*** Dataset extract Section Begins ***

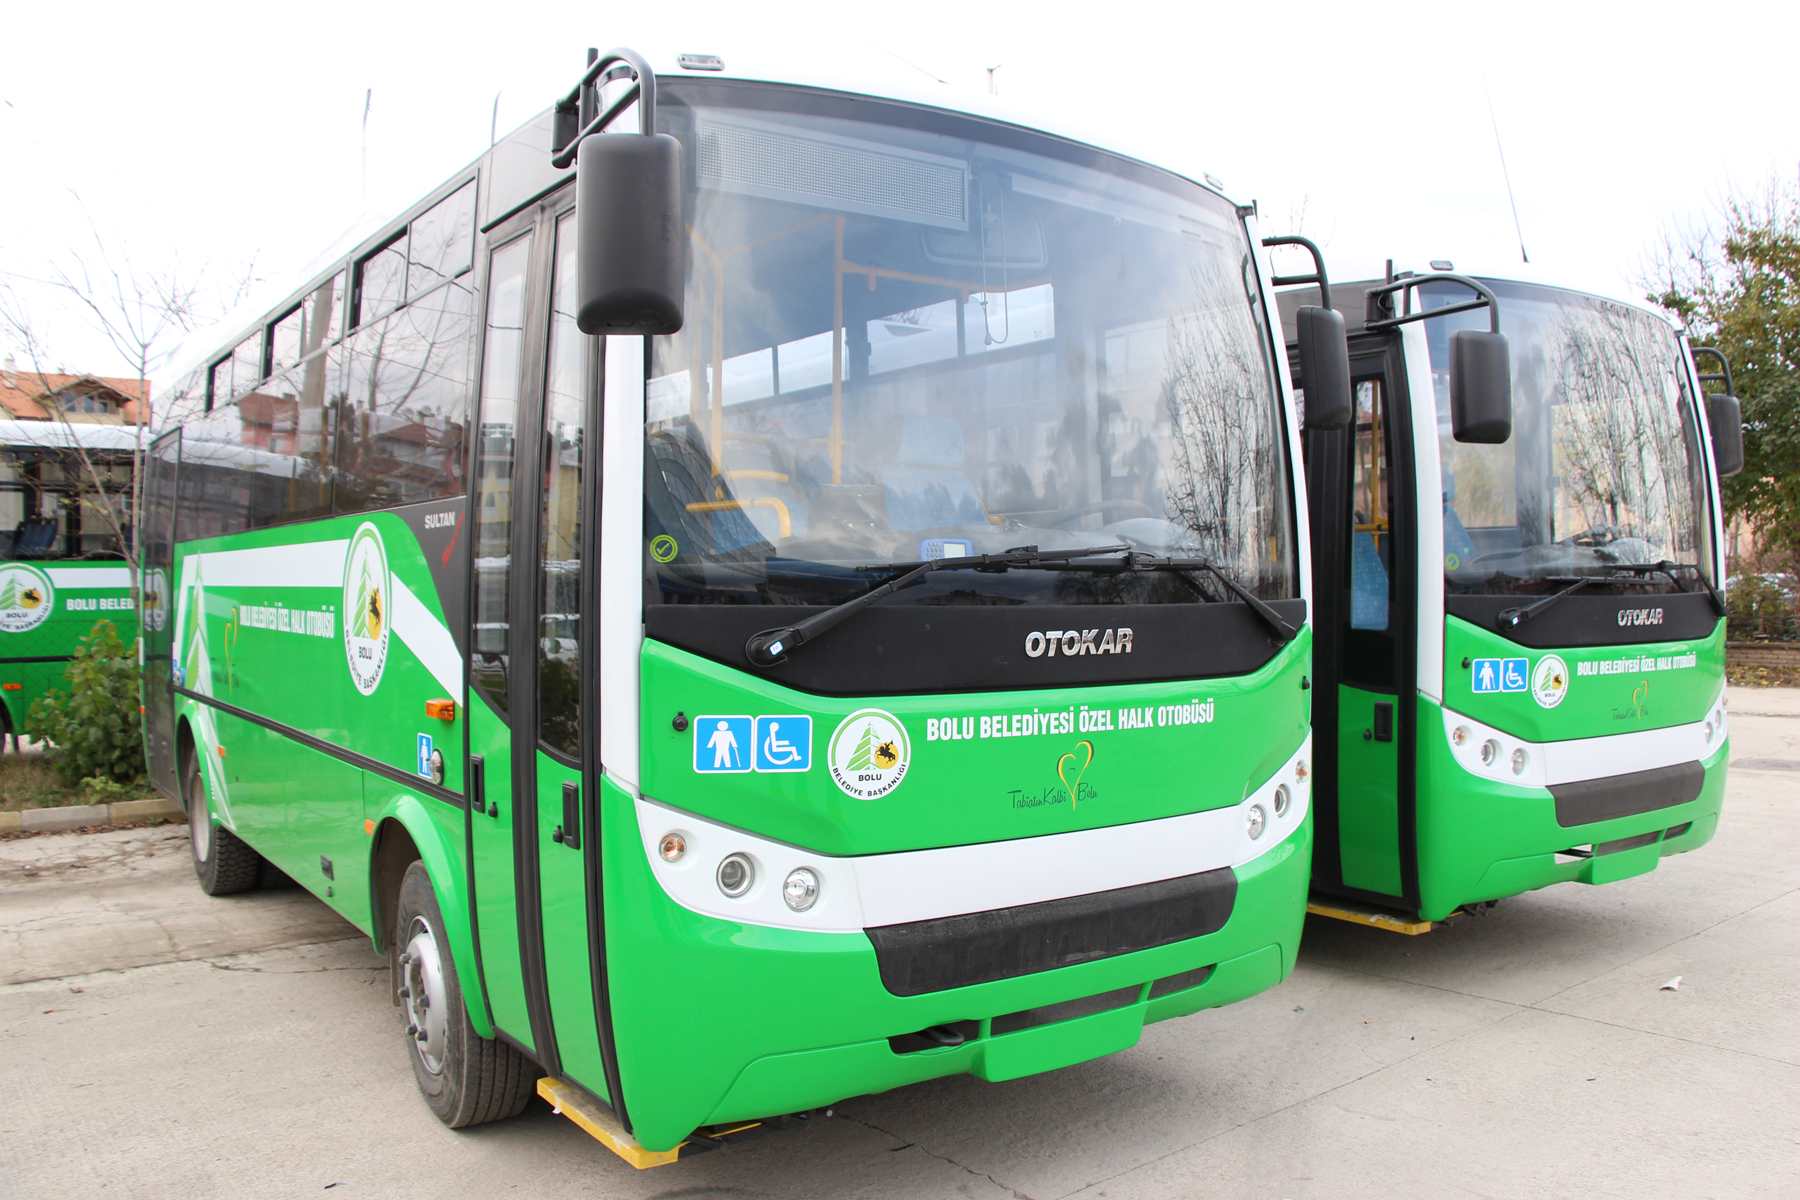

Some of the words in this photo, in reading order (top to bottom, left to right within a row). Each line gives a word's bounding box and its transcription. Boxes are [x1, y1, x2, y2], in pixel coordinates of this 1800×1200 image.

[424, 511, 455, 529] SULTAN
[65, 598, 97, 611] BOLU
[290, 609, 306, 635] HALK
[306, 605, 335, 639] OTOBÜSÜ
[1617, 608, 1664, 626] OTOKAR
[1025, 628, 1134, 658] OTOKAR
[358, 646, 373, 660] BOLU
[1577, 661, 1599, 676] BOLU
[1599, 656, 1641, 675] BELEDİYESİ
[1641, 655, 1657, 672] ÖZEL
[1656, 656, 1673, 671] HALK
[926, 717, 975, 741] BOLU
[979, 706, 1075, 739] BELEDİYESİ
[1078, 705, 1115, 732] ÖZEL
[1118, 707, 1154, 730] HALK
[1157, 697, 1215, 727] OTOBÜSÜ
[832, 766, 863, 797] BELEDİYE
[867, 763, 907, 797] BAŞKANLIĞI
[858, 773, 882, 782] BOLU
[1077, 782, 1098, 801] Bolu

*** Dataset extract Section Ends ***

What you are asked to do | Your copy must hold every record above in its exact wording and must hold no pictures.

The answer |
Some of the words in this photo, in reading order (top to bottom, left to right within a row). Each line gives a word's bounding box and its transcription. Boxes are [x1, y1, x2, y2], in pixel coordinates of this 1800×1200 image.

[424, 511, 455, 529] SULTAN
[65, 598, 97, 611] BOLU
[290, 609, 306, 635] HALK
[306, 605, 335, 639] OTOBÜSÜ
[1617, 608, 1664, 626] OTOKAR
[1025, 628, 1134, 658] OTOKAR
[358, 646, 373, 660] BOLU
[1577, 661, 1599, 676] BOLU
[1599, 656, 1641, 675] BELEDİYESİ
[1641, 655, 1657, 672] ÖZEL
[1656, 656, 1673, 671] HALK
[926, 717, 975, 741] BOLU
[979, 706, 1075, 739] BELEDİYESİ
[1078, 705, 1115, 732] ÖZEL
[1118, 707, 1154, 730] HALK
[1157, 697, 1215, 727] OTOBÜSÜ
[832, 766, 863, 797] BELEDİYE
[867, 763, 907, 797] BAŞKANLIĞI
[858, 773, 882, 782] BOLU
[1077, 782, 1098, 801] Bolu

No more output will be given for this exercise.